TASK ITEM> The answer must be every entry below, word for word, with the pictures left out.

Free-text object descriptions

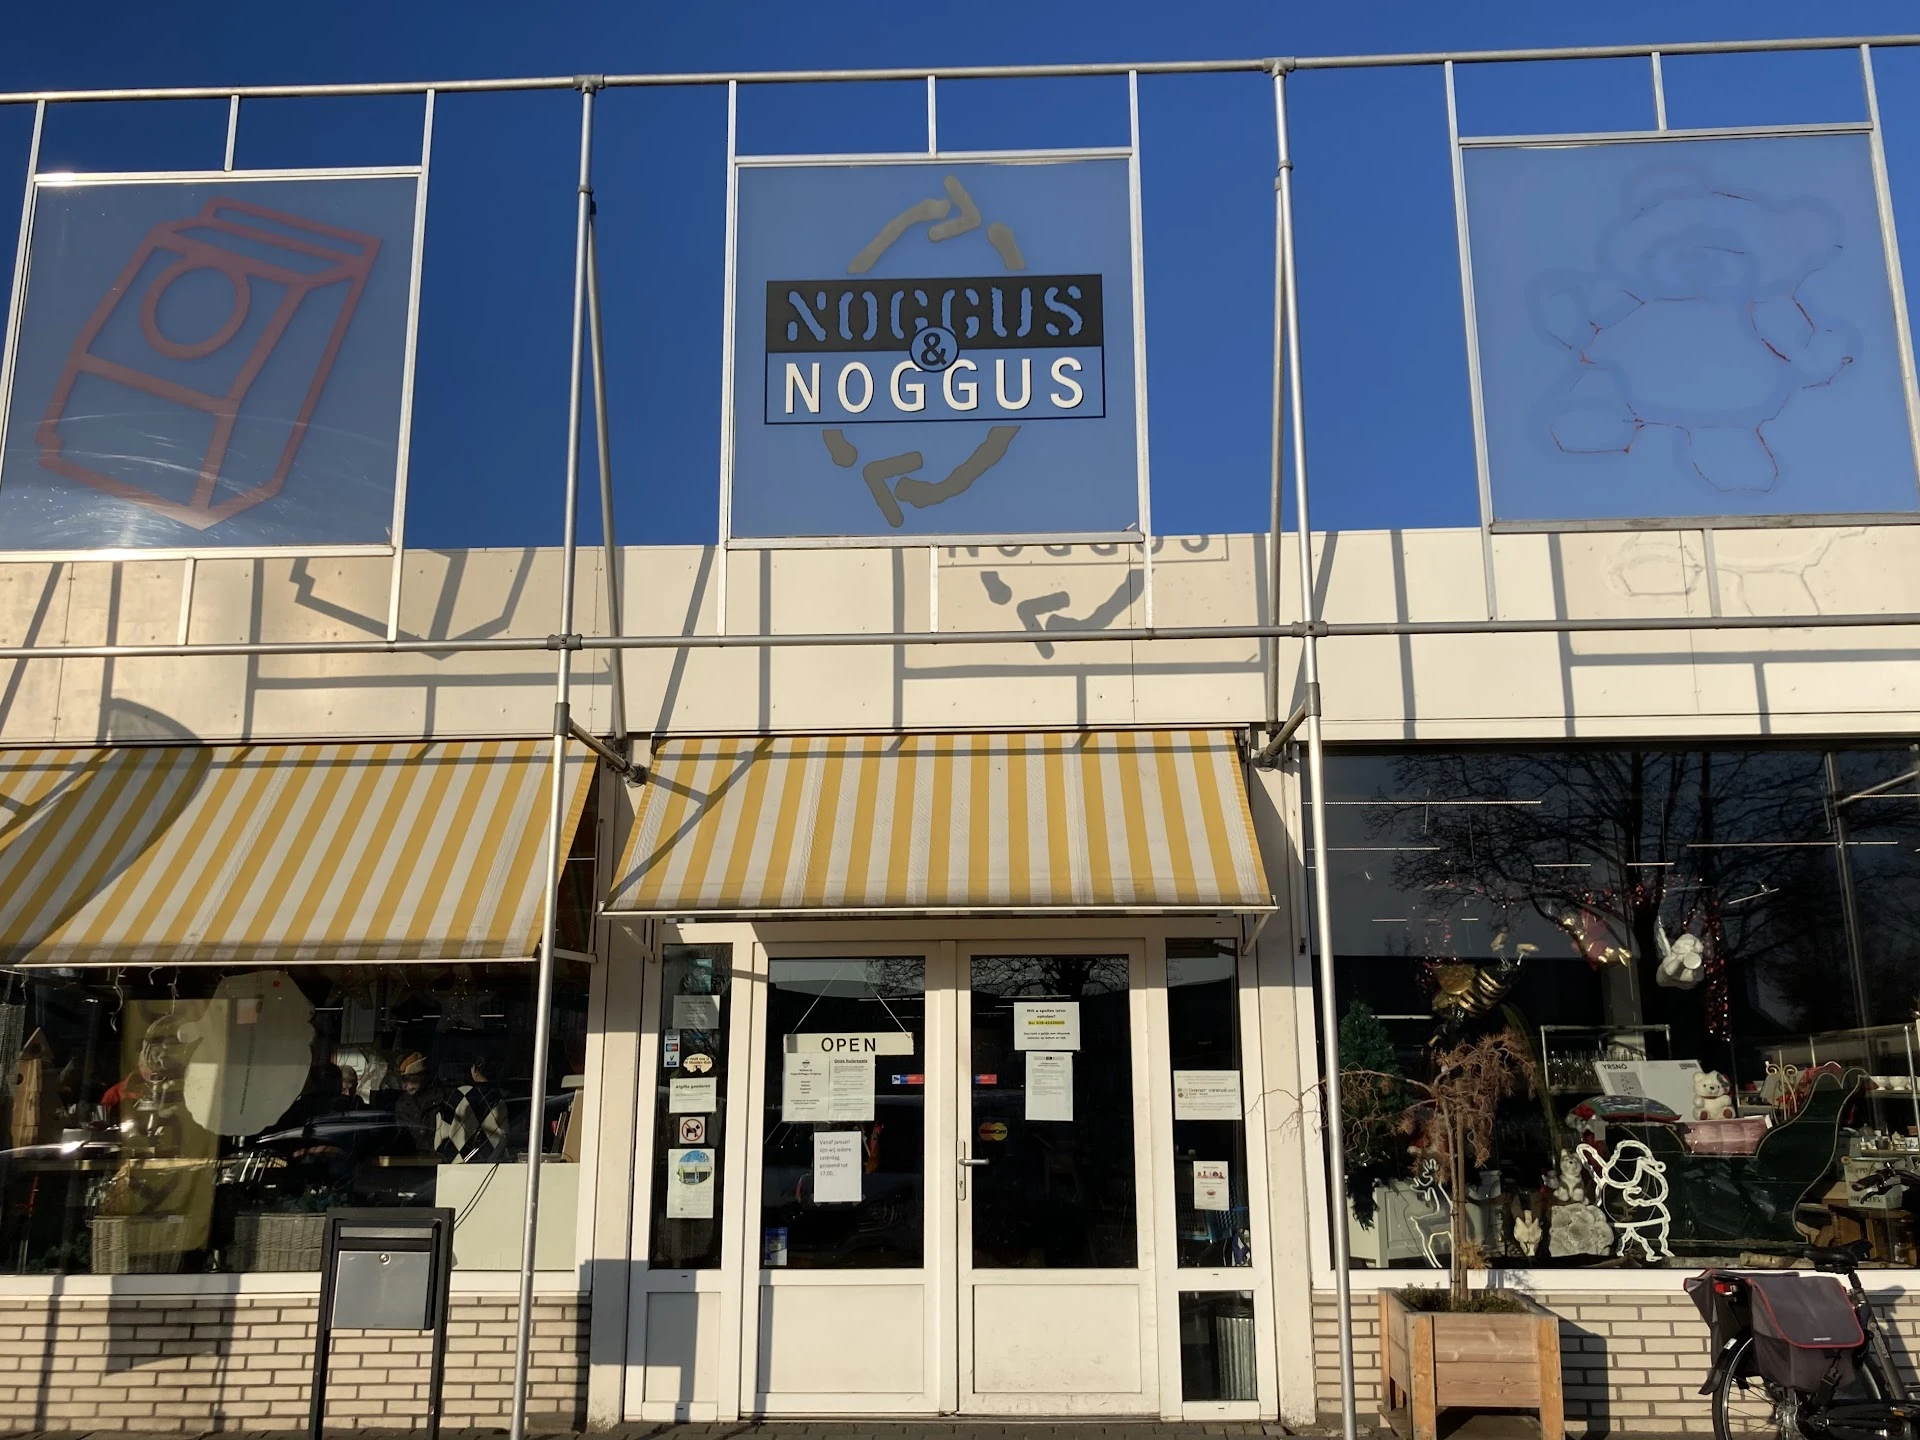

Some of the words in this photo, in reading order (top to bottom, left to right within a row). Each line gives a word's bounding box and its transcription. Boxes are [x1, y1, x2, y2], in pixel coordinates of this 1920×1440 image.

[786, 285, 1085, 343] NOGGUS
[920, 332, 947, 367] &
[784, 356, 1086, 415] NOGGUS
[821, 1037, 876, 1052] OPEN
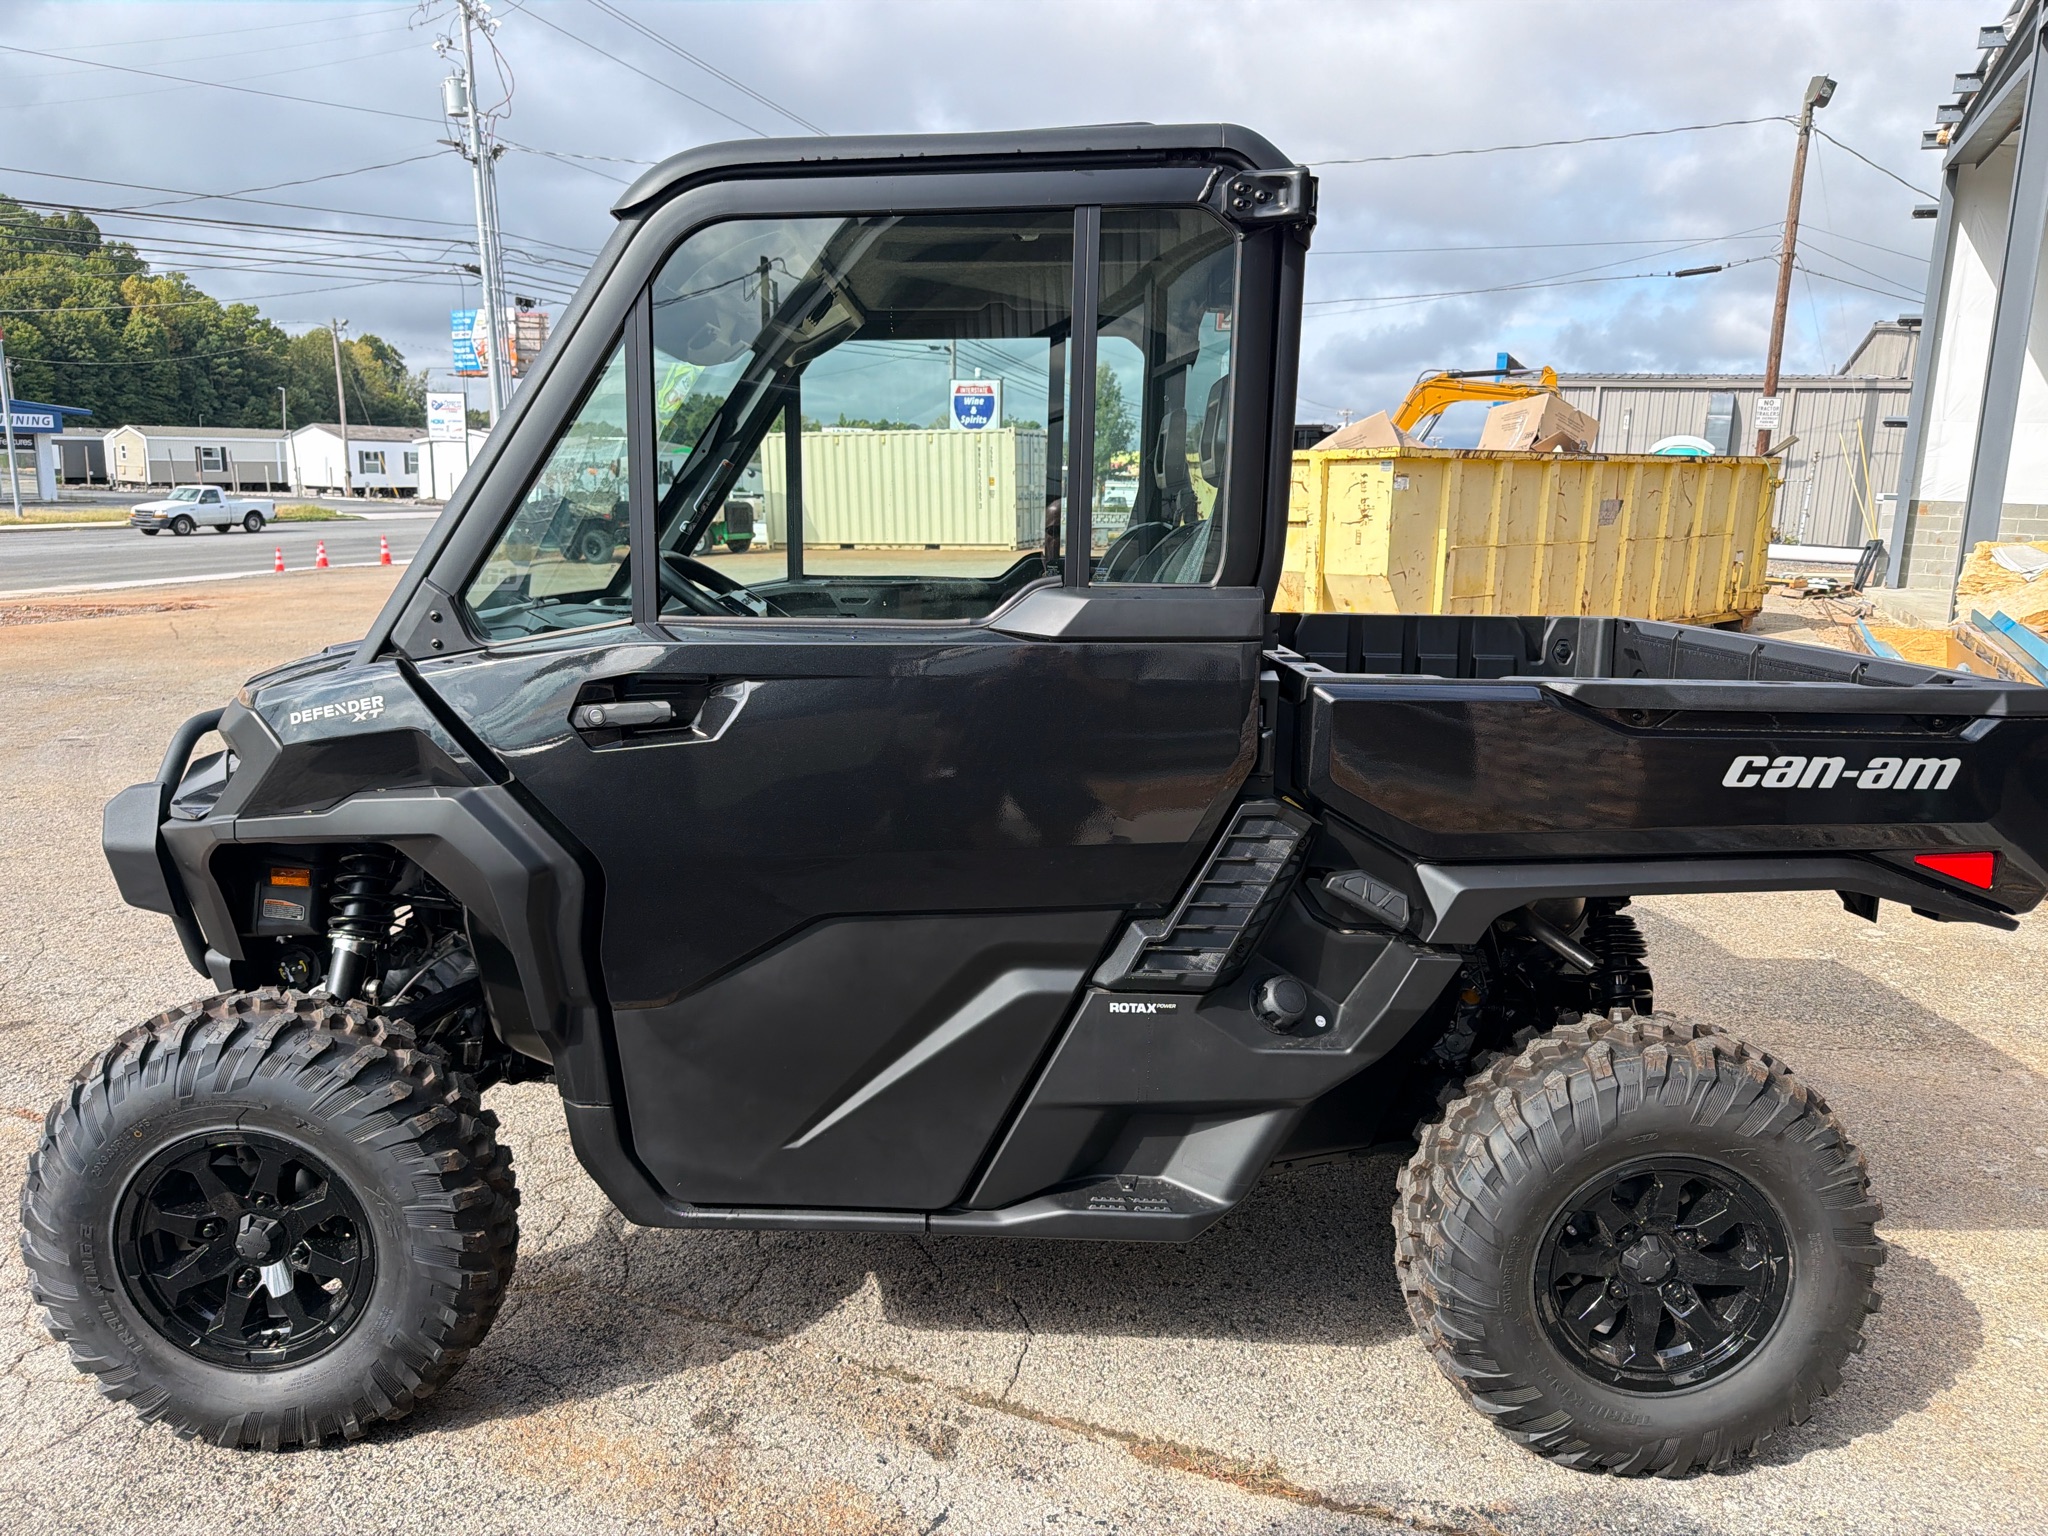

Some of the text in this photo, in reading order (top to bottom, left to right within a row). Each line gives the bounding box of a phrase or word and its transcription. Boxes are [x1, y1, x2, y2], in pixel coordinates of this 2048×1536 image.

WRITTEN ANSWER>
Some of the words in this photo, in reading order (top to bottom, left to right within a row). Each line gives a word's bounding box and its transcription. Boxes are [x1, y1, x2, y2], in pixel coordinates of this 1920×1440 image.

[786, 285, 1085, 343] NOGGUS
[920, 332, 947, 367] &
[784, 356, 1086, 415] NOGGUS
[821, 1037, 876, 1052] OPEN

Some of the text in this photo, in reading order (top to bottom, left to right within a row). Each line gives the bounding box of a phrase or word and its transcription. Boxes are [x1, y1, x2, y2], in pixel coordinates of this 2048×1536 image.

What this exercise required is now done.